Sir, that which I suffered from anxiety of mind whilst in the Chilian service, I will never again endure for any consideration. To organise new crews--to navigate ships destitute of sails, cordage, provisions, and stores--to secure them in port without anchors and cables, except so far as I could supply these essentials by accidental means, were difficulties sufficiently harassing; but to live amongst officers and men--discontented and mutinous on account of arrears of pay and other numerous privations--to be compelled to incur the responsibility of seizing by force from Peru, funds for their payment, in order to prevent worse consequences to Chili--and then to be exposed to the reproach of one party for such seizure, and the suspicions of another that the sums were not duly applied, though the pay-books and vouchers for every material item were delivered to the Accountant-General--are all circumstances so disagreeable and so disgusting that until I have certain proof that the present Ministers are disposed to act in another manner, I cannot possibly consent to renew my services, where, under such circumstances, they would be wholly unavailing to the true interests of the people. Intrigue and faction might again place me in the predicament in which I found myself previous to my departure from Valparaiso, viz., a cypher and a public burthen; for the ships of war might again be placed in the hands of a Governor Zenteno, for the purpose of exposing me to popular odium, as a person receiving a large salary from the state, for which--without a vessel under my command--no adequate services could be rendered. That this was the intention of the late ministers in withdrawing the ships from my command, on the false pretence of repairing them, there can be no doubt; for whilst every honorary reward was withheld from me, they refused to accept the remission which I offered of 4,000 dollars from my annual pay-- treating me at the same time with every neglect and indignity.

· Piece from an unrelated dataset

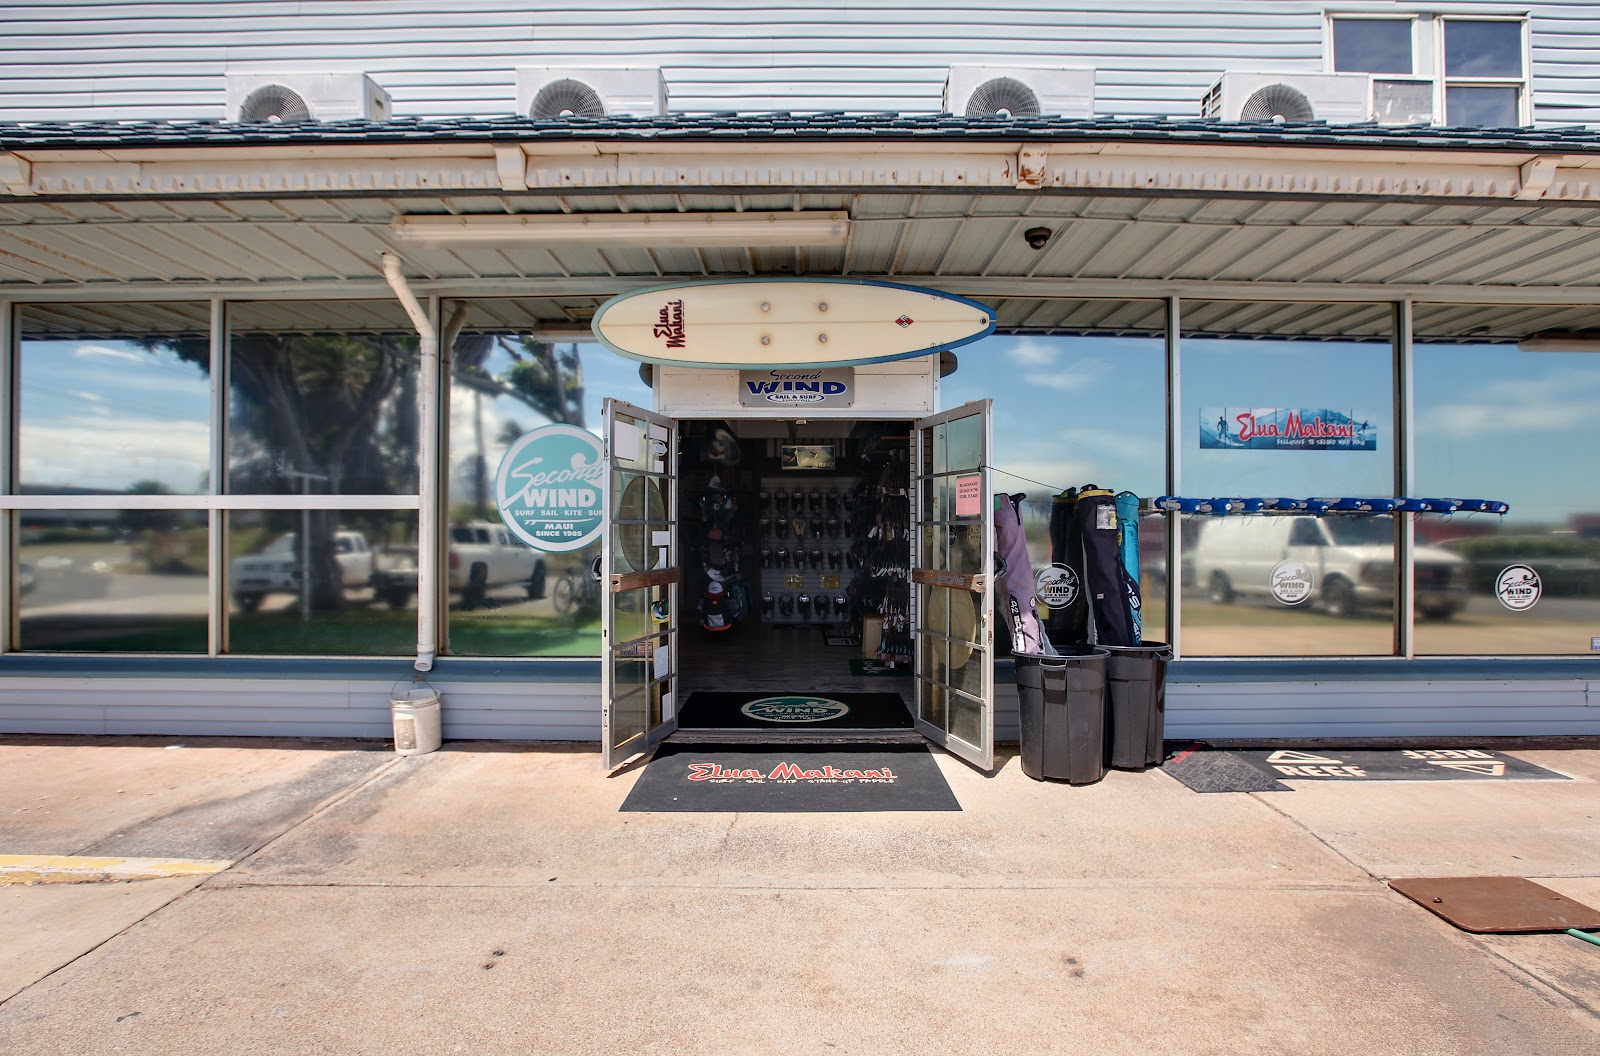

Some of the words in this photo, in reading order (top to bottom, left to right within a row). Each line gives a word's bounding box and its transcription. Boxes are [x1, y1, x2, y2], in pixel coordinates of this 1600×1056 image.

Such proceedings, I am aware, are far distant from the contemplation of the excellent person who now presides over the affairs of Chili, as in my conscience I believe that they were no less distant from the mind and heart of the late Supreme Director, who, being placed in that elevated situation, was unfortunately exposed to the errors that arise from listening to the reports of interested individuals who ever surround the powerful, making a gain by concealing the truth and propagating falsehood.

It is a fact--as is well known to all my friends--that I had determined to quit Chili, previous to my receiving any proposition from the Government of Brazil. By that Government I have been hitherto treated with the utmost confidence and candour, and the orders they have given me are in everything the reverse of those narrow and restricted instructions with which I was hampered by the Senate, the Ministers of Chili, and San Martin, under whose orders they had placed me. The Government of Brazil, having in view the termination of the war, gave orders to that effect, without any of those miserable restrictions which are calculated to retard, if not finally to defeat, their object. The consequence is, that the war in Brazil is already successfully terminated--though we have had to contend with a much superior force--by the evacuation of Bahia-- the flight of the Portuguese fleet--the capture of great part of their transports and troops--and the surrender of Maranham--all in fewer months than the Chilian Government have employed years without having even yet accomplished their object, nay, with no other result than that of removing the independence of Peru, and their own peace and security to a greater distance.

I must now call your attention, although I have already addressed a letter on the subject to the Minister of Finance, to a breach of faith on the part of the late Government of Chili in respect to the contract between Senor Alvarez, their Envoy in England, and my brother, the Honourable William Erskine Cochrane, for the completion, outfit, and navigation to Chili of the steamer Rising Star, by which my brother has been involved in expenses to a very great amount. Whether the inconvenience he is sustaining from the perfidy of the late Ministers is in the course of removal by the good faith of their successors I have yet to learn, but if not, I must respectfully state to you on behalf of my brother that I demand payment of the amount due to him under the contract above-mentioned.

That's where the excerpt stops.